Pro tip: Close your eyes and focus on controlling your breathing. Lean against the bath wall with the water level above your shoulders.

Congrats on taking the plunge! You can do it. Ease back into the thermal bath to warm up slowly.

Repeat and gradually extend your time in the cold plunge.





Recovery Enhancement

Immersing in cold water calms muscle inflammation and expedites recovery, aiding in faster healing. The chilled temperature contracts blood vessels and reduces swelling, effectively alleviating soreness and fatigue. Integrating cold plunges into your recovery regimen can hasten your readiness for subsequent training sessions.

Fitness Advantages

Cold plunging facilitates fat burning, as the body expends significant energy to rewarm itself after exposure to cold temperatures.

Skin and Hair Health Enhancement

Cold water application promotes a radiant complexion by minimizing pore size and firming the skin.
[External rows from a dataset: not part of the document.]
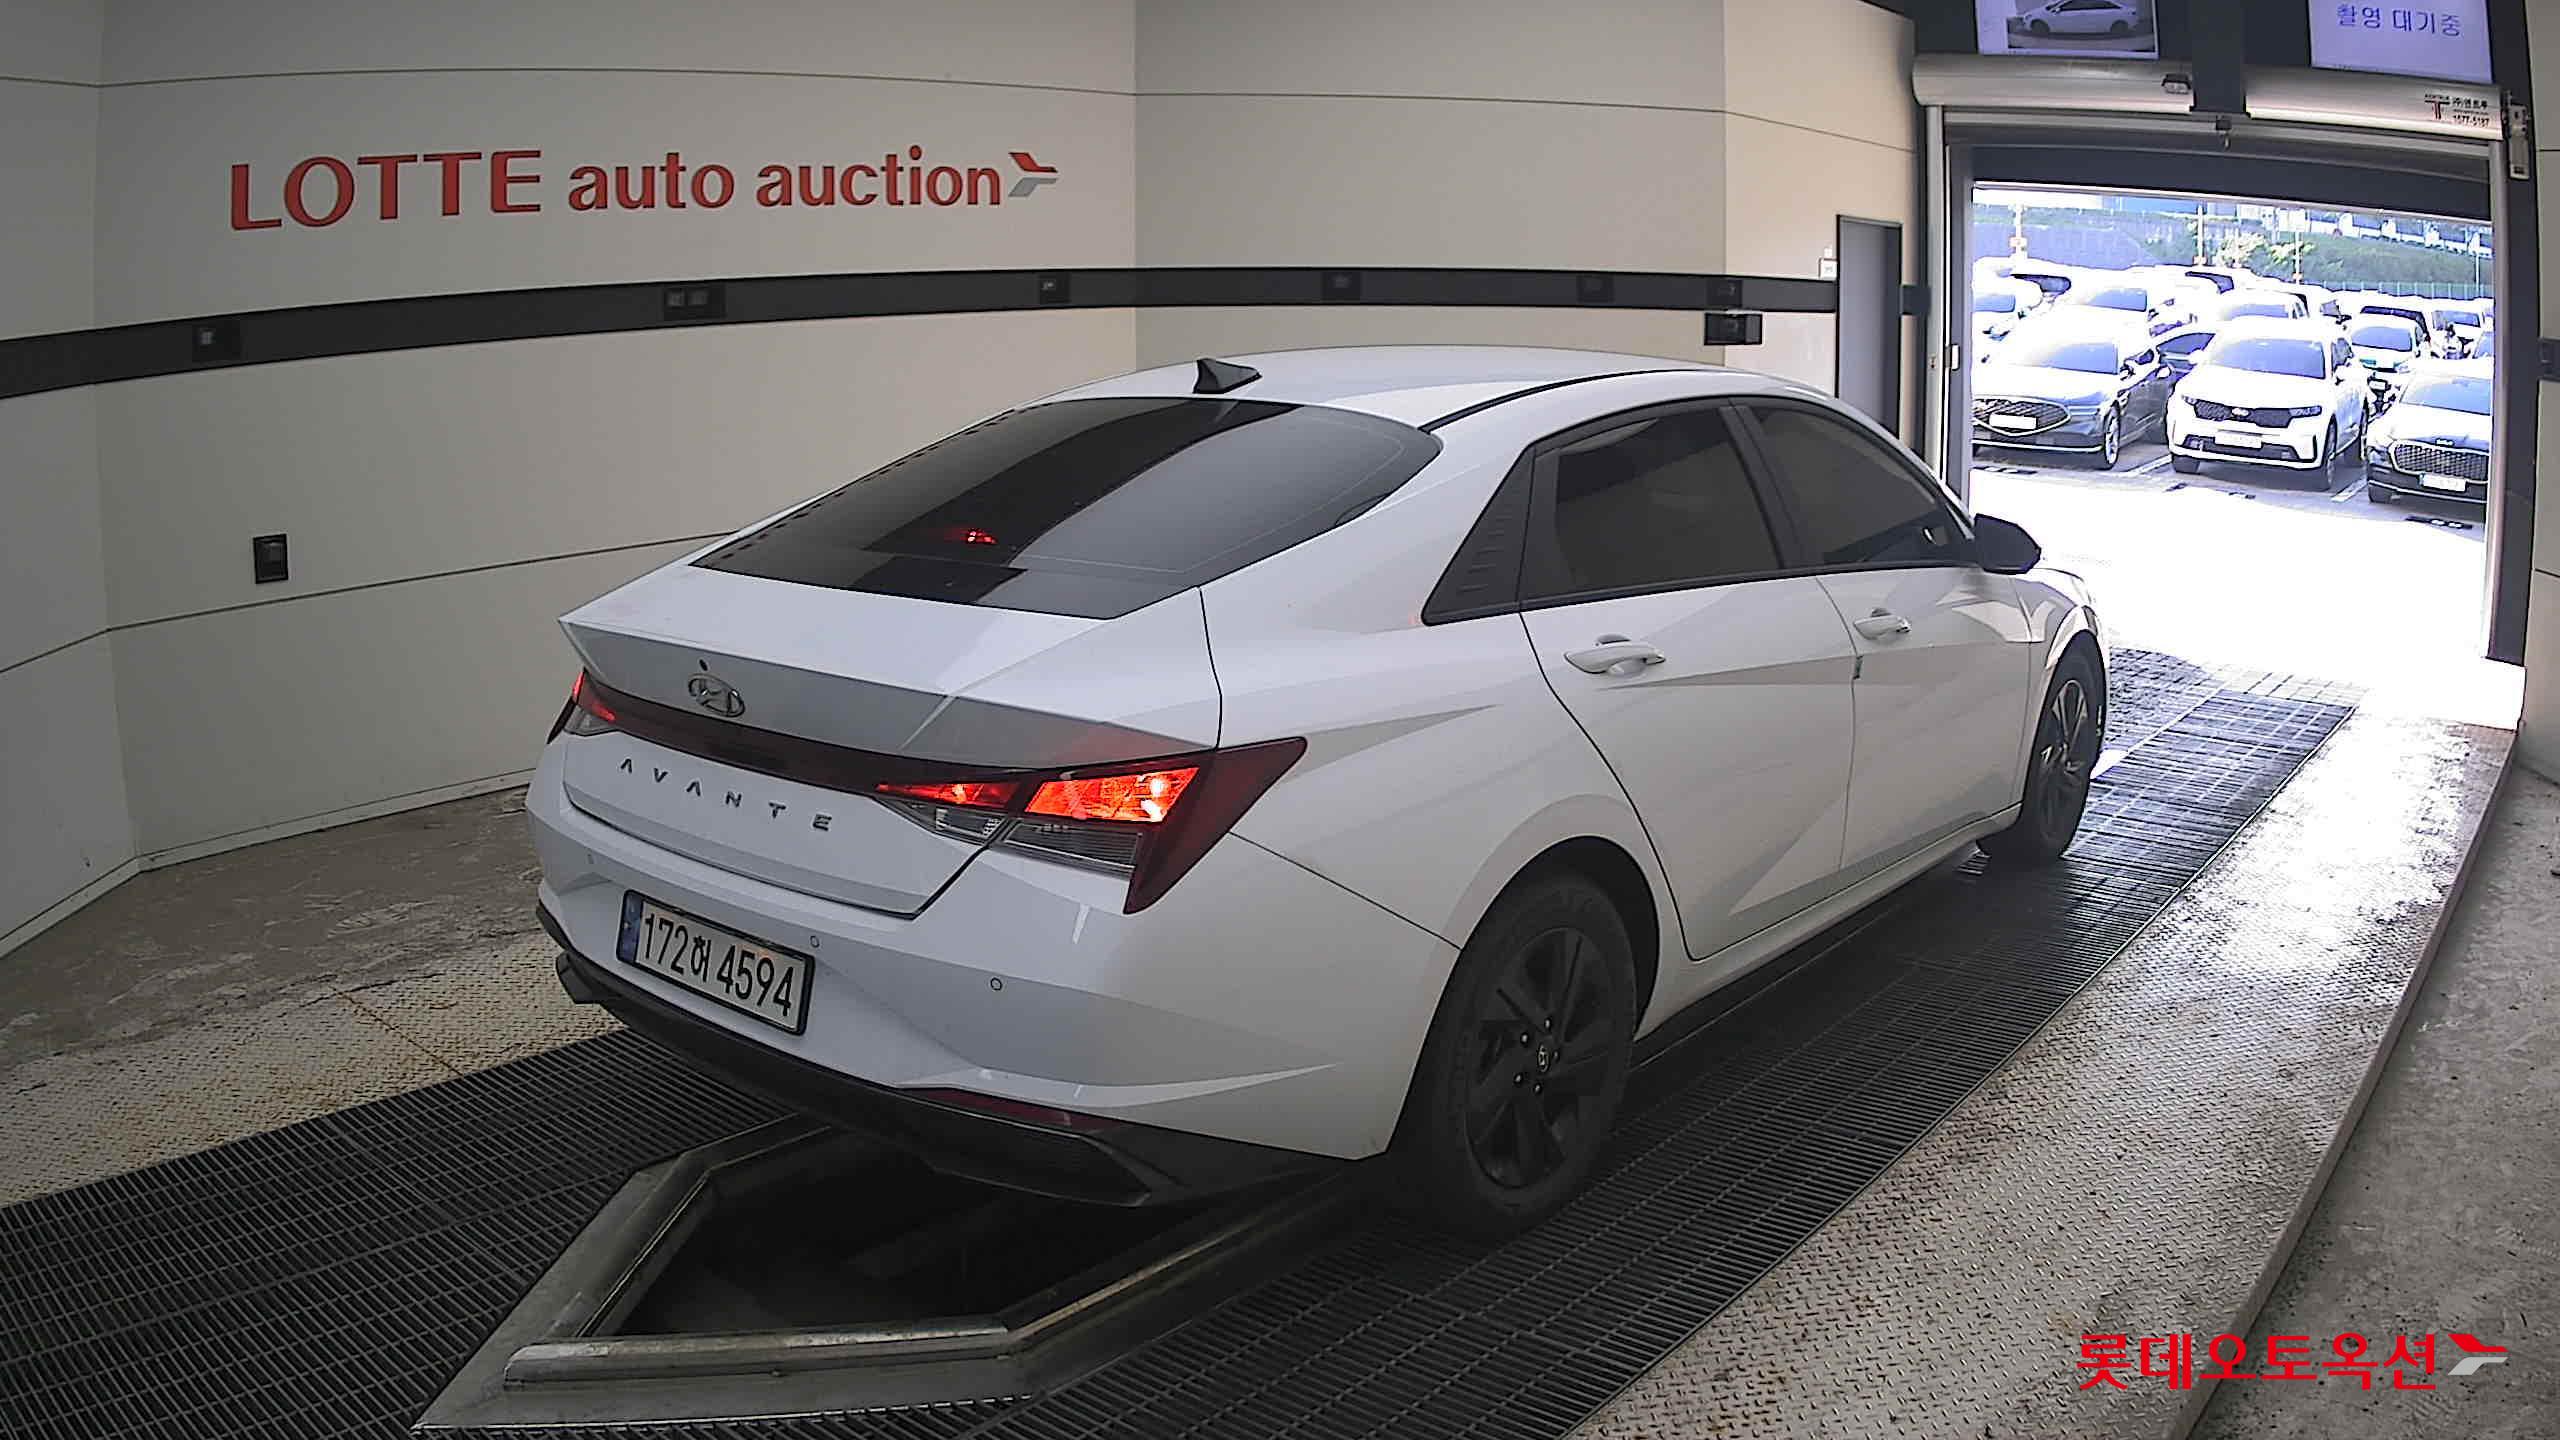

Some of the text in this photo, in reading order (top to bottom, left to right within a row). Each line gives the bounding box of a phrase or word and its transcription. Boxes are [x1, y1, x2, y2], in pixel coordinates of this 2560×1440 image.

[2338, 5, 2460, 37] 촬영 대기중
[230, 145, 1002, 231] LOTTE auto auction
[619, 757, 833, 832] AVANTE
[715, 944, 795, 1017] 4594
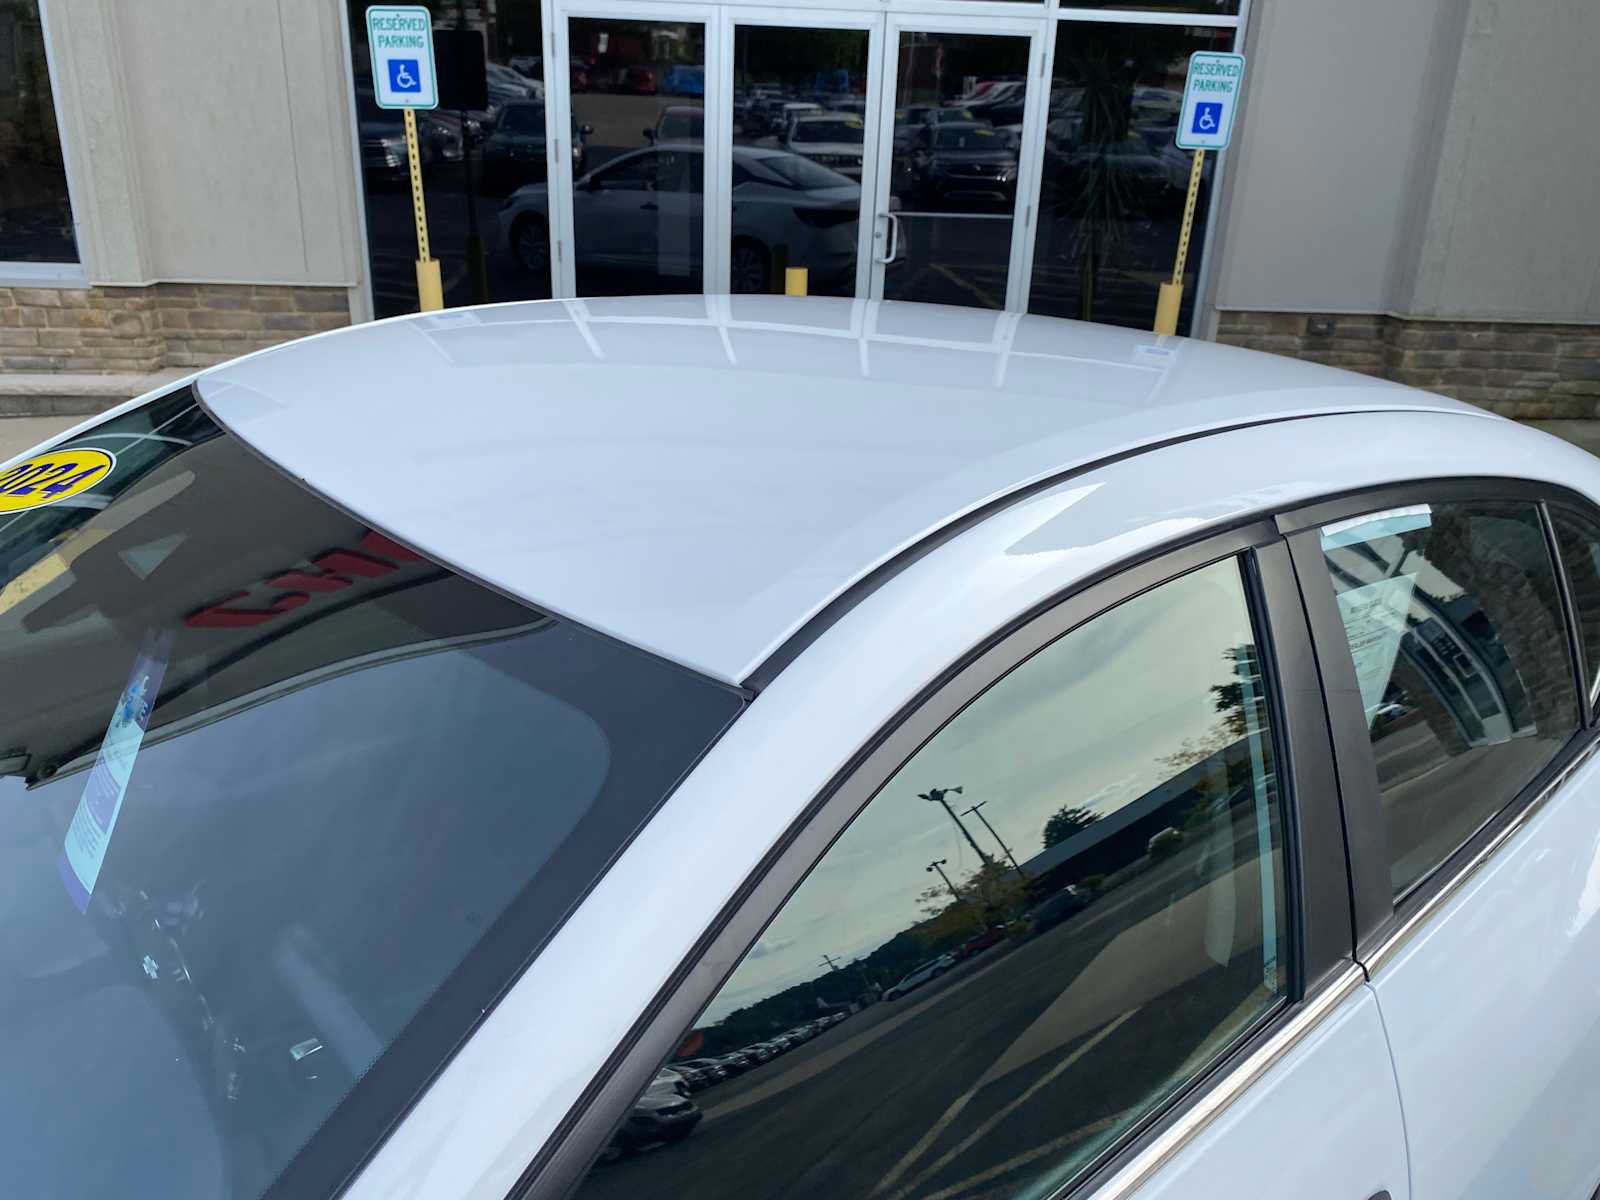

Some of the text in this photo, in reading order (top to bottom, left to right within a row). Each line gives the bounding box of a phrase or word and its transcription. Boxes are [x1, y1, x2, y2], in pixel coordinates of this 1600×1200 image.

[372, 17, 426, 31] RESERVED
[378, 35, 425, 48] PARKING
[1191, 63, 1240, 77] RESERVED
[1193, 79, 1234, 93] PARKING
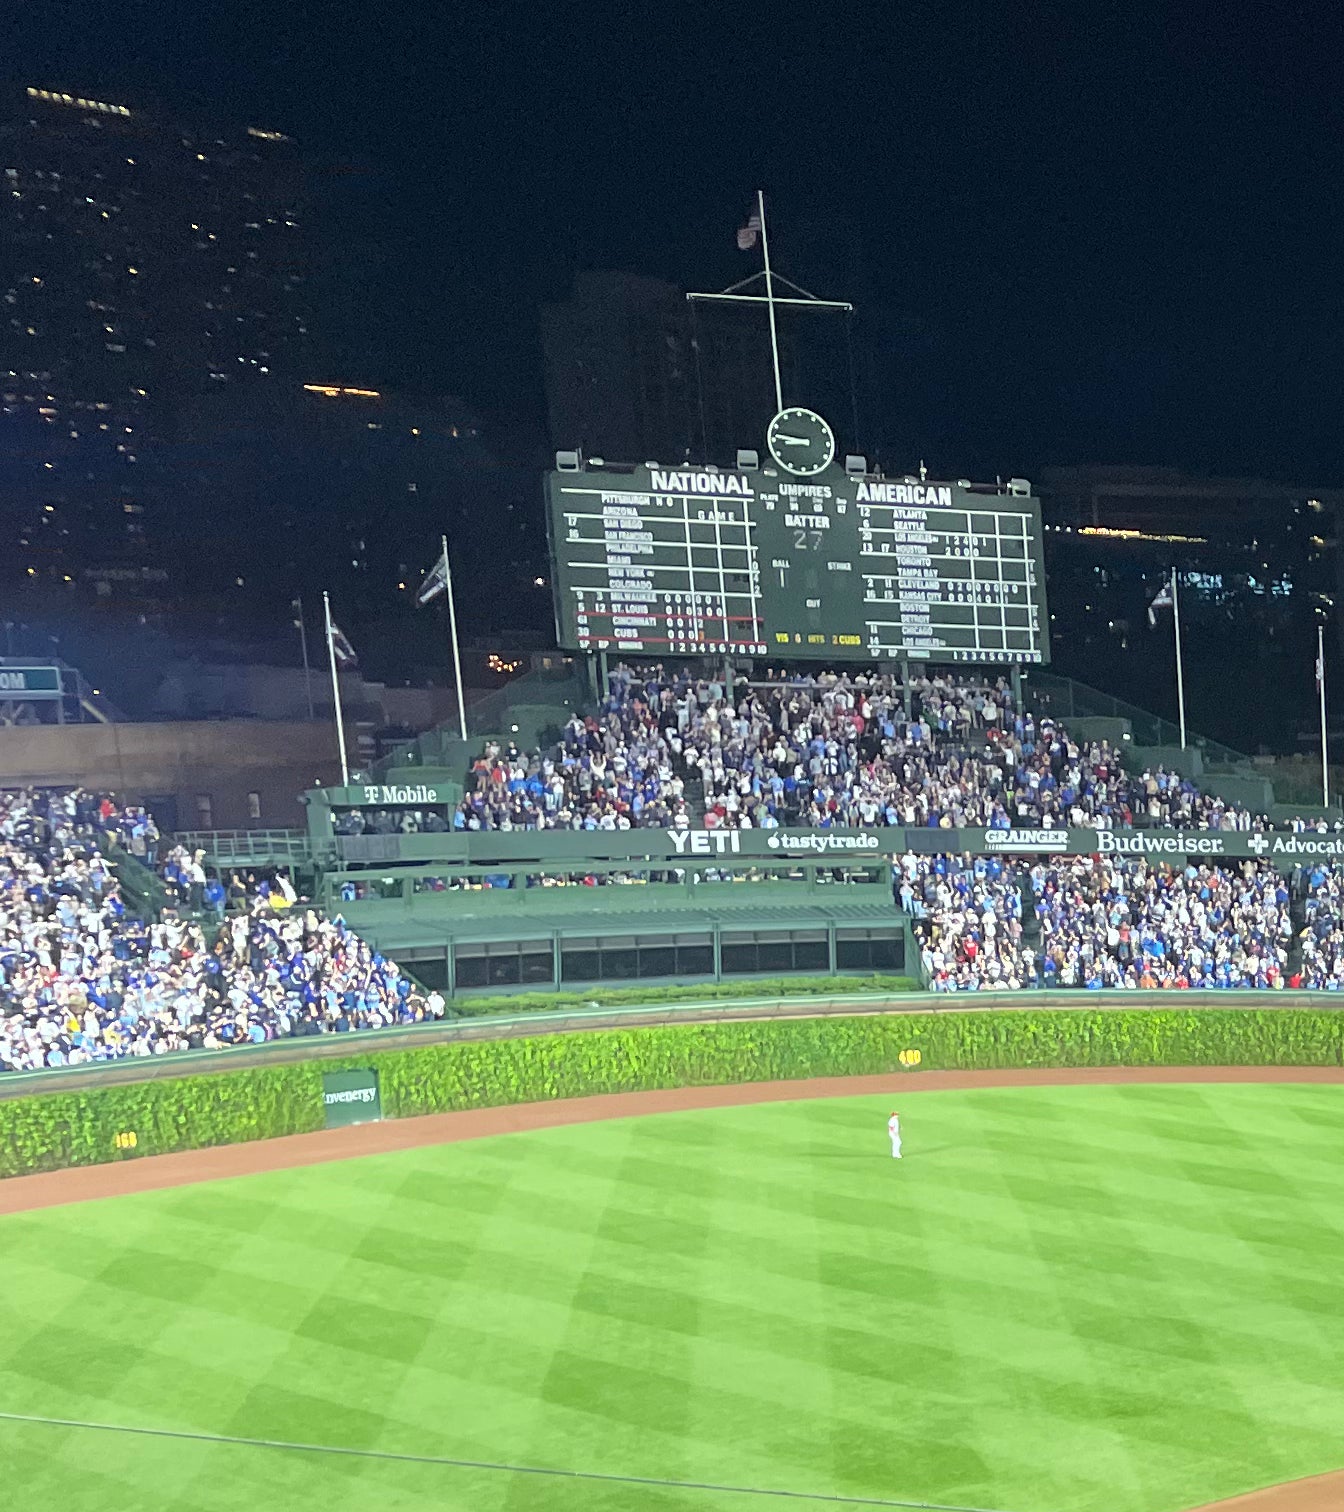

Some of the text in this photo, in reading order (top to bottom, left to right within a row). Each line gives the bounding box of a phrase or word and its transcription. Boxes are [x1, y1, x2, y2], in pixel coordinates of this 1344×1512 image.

It also fosters balanced and healthy skin and hair by stimulating hair follicles.

Increase Cold Tolerance

Regular dips in the cold plunge gradually enhance cold weather tolerance, reducing sensitivity to chilly temperatures over time.

Mental Wall-being Improvement

Cold water exposure prompts the release of mood-enhancing neurotransmitters, fostering feelings of happiness. Regular cold plunge usage can contribute to stress management efforts.